Estaba en la cocina, preparándole a Martha el quinto café de filtro del día. Ella, con su mejor voz a lo Paloma Efrón pero más cavernosa, me dice desde el living (donde ahora estoy escribiendo estas líneas): “Tenemos que casarnos”. Ocupada en aquellos menesteres, no había visto avanzar la gran nave con su proa a toda velocidad sobre la vida doméstica. La quilla de acero del sistema, como debe enunciarse en el barrio de La Boca, bastión de las metáforas navales. La Ley de Matrimonio Igualitario se había sancionado ahí nomás, en julio, luego de una larga lucha del movimiento lgbti (y del liderazgo de Néstor Kirchner, que con su “ok, háganlo” entregó una importante herramienta del Estado para aplastar décadas de mataputismo social). En esos días las discusiones sobre el “deber ser” lgbti, el deber ser por dentro o por fuera del sistema, establecían un eje dilemático. ¿De qué lado estás?, era la pregunta.

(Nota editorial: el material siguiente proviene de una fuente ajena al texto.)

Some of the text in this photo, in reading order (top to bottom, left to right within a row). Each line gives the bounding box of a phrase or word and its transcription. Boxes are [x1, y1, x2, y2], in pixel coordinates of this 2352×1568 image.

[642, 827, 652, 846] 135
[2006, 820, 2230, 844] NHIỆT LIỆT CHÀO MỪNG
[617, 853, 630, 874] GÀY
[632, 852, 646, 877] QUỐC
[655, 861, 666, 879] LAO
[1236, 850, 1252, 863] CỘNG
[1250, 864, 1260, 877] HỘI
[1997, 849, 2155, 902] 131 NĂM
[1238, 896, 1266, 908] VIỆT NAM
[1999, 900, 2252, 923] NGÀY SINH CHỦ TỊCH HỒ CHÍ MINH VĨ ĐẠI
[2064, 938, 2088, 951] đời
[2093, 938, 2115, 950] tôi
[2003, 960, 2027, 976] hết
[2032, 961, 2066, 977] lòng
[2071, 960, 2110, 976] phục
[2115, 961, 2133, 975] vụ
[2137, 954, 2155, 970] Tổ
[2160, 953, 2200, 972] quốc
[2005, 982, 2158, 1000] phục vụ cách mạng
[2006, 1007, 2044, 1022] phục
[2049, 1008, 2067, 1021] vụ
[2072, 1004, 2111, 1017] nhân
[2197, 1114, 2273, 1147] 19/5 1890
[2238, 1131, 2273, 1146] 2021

Me resistí. Siempre supe que mi DNI iba a registrar forever un estado civil “soltera”. Nunca bajo la autoridad de un varón (mi generación nació cuando la mujer casada era “incapaz” para la ley civil, nuestras madres usaban el “de” precediendo el apellido del marido y no a la inversa, nosotres les hijes estábamos solamente bajo la potestad de nuestro padre y madre no contaba para la ley, tuvimos que salir a las calles para que las madres compartieran derechos respecto de les hijes). Pero el suelo que pisábamos no era ya el mismo. La lucha del movimiento lgbti y, en lo que a nosotras respecta, la lucha de las lesbianas por su existencia -más allá de la lucha por reformas- había revoleado el tablero por los aires.

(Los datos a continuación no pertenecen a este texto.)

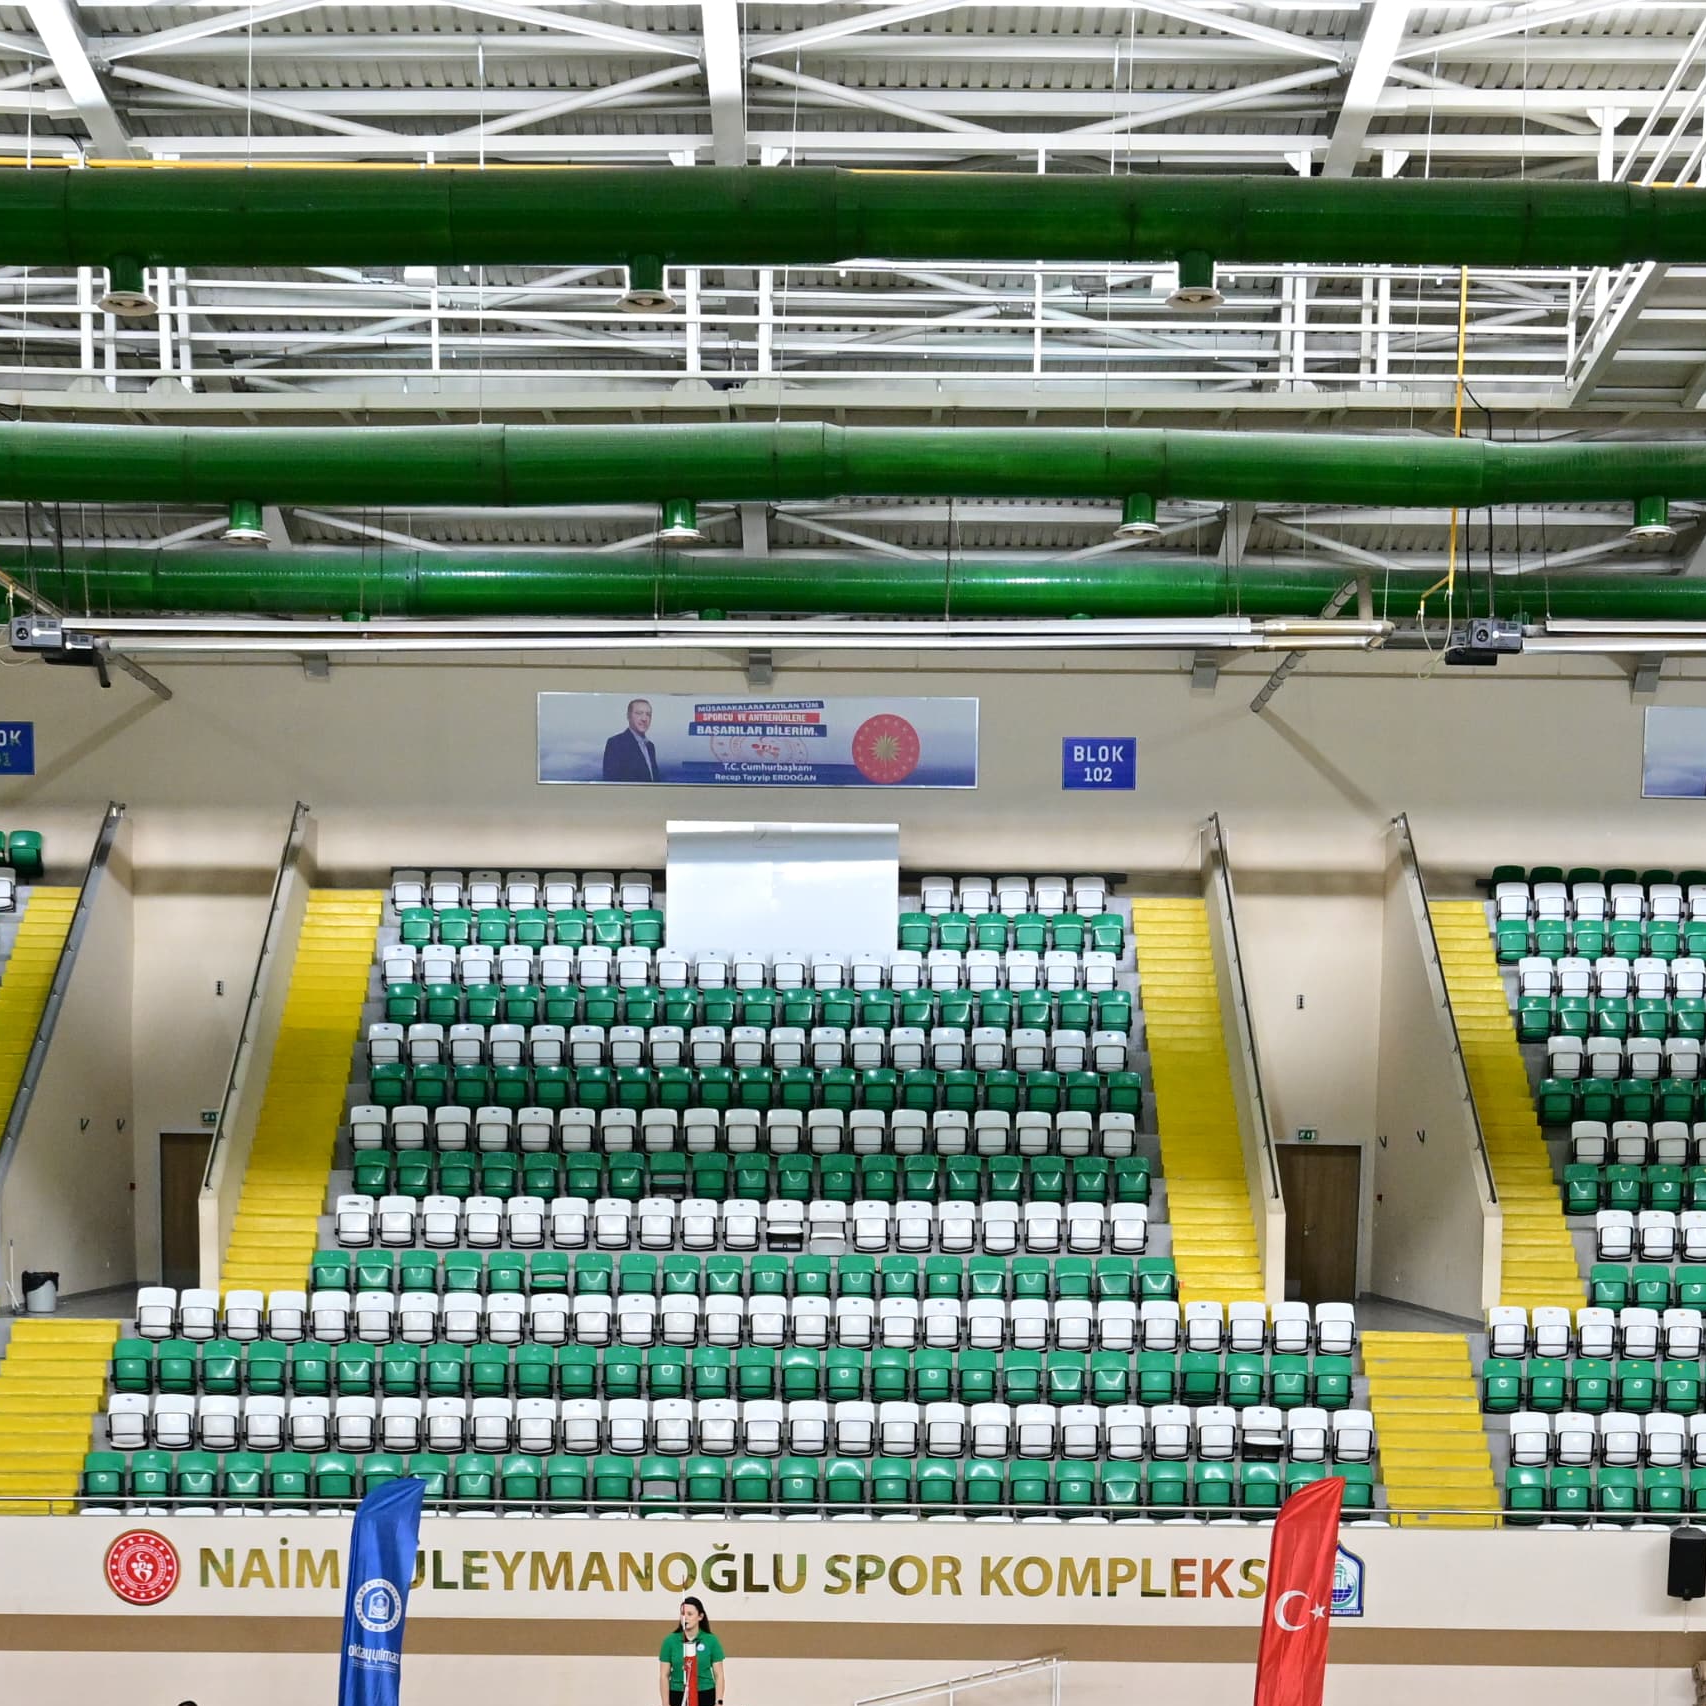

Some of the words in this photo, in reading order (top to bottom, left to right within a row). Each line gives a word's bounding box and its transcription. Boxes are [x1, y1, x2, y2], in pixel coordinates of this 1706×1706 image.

[702, 712, 734, 722] SPORCU
[737, 713, 747, 722] VE
[749, 713, 806, 722] ANTRENÖRLERE
[696, 725, 763, 736] BAŞARILAR
[766, 723, 819, 737] DİLERİM.
[1073, 745, 1124, 762] BLOK
[723, 763, 740, 772] T.C.
[740, 763, 813, 774] Cumhurbaşkanı
[1084, 766, 1113, 783] 102
[714, 773, 741, 783] Recep
[742, 773, 771, 783] Tayyip
[772, 773, 817, 782] ERDOĞAN
[200, 1537, 341, 1588] NAİM
[824, 1553, 962, 1596] SPOR
[980, 1555, 1266, 1599] KOMPLEKS

A mi anarco-resistencia al matrimonio, la troska (desde sus 67 años de sabiduría beatnik) le respondió con un conciso: “Fuck the system”. Eso quería decir que nos habíamos cansado de escuchar historias de lesbianas expulsadas de sus hogares por sobrinxs ignotxs al fallecer una de ellas. Que habíamos llegado al hartazgo del desprecio social y de la desigualdad con lxs heterosexuales. Martha resumía en aquel “fuck the system” su vida en la Nueva York bisagra entre los 60s y los 70s ocupando edificios para alojar mujeres latinas, la búsqueda de departamentos de renta controlada para pagar menos alquiler, los mil y un trucos para conseguir la green card.

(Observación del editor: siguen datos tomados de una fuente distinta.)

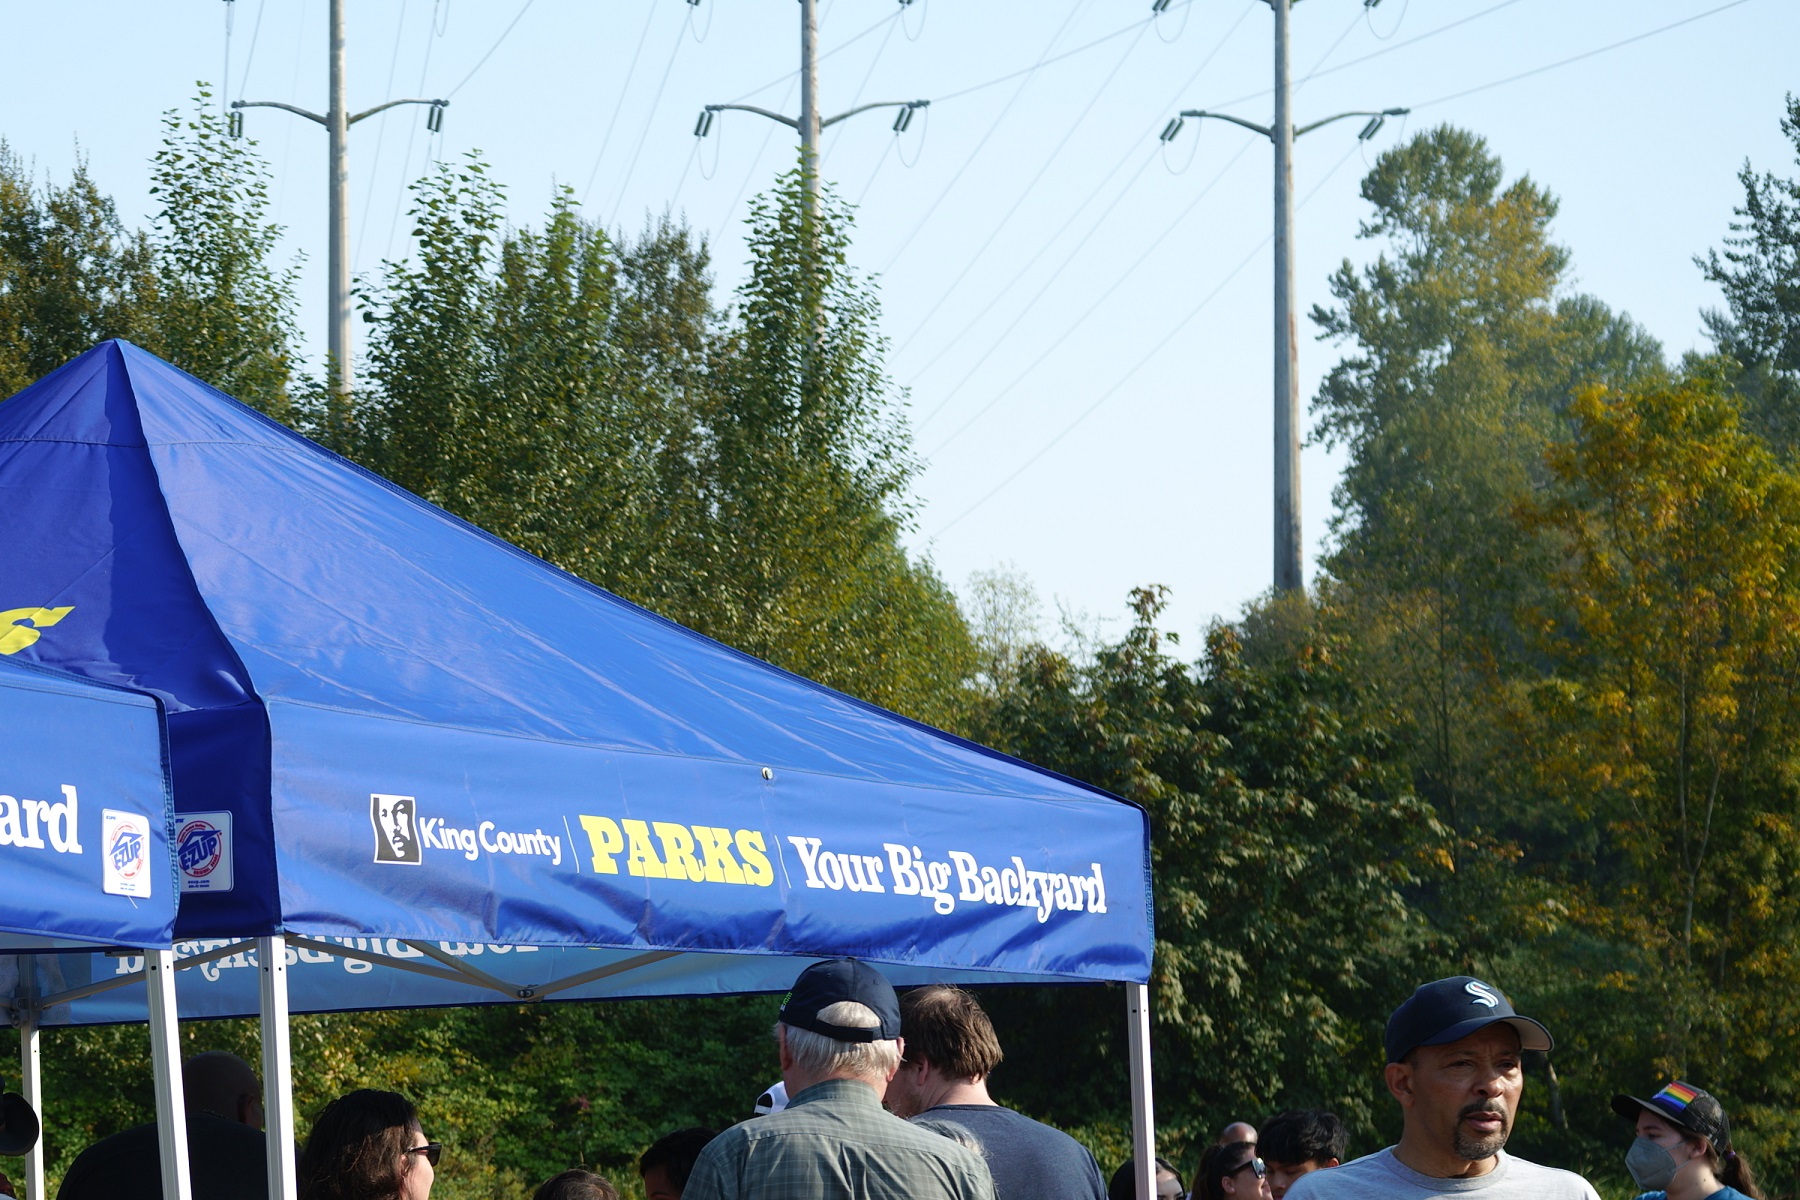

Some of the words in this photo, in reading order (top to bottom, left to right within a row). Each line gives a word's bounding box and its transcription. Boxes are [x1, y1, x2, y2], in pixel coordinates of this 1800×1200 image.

[418, 816, 479, 862] King
[479, 820, 562, 866] County
[579, 814, 775, 887] PARKS
[786, 835, 886, 894] Your
[890, 842, 956, 915] Big
[957, 850, 1108, 924] Backyard

Y marchamos entonces rumbo al casamiento civil (conquista arrancada primero por el laicismo de la Generación de 1880 a la iglesia católica), ella más convencida y yo tímidamente y temblando, triste porque Martha estaba muy enferma hacía años, al registro civil de Barracas, que celebró el 12 de noviembre de 2010 su primera boda de lesbianas. El fotógrafo del registro civil la saludó con un apretón de manos. Durante años le había llevado a la redacción imágenes relacionadas a crímenes por resolver. Y yo estaba ahí, con un ramo de jazmines en la mano y una libreta roja en la otra, aprendiendo una nueva lección del manual de praxis Martha Ferro. Firmando un papel que no contradice el pacto que sellamos en invierno de 1988, cuando cruzamos en bote a la isla Maciel y en el trayecto fijamos nuestras propias reglas. Sin medias tintas burguesas.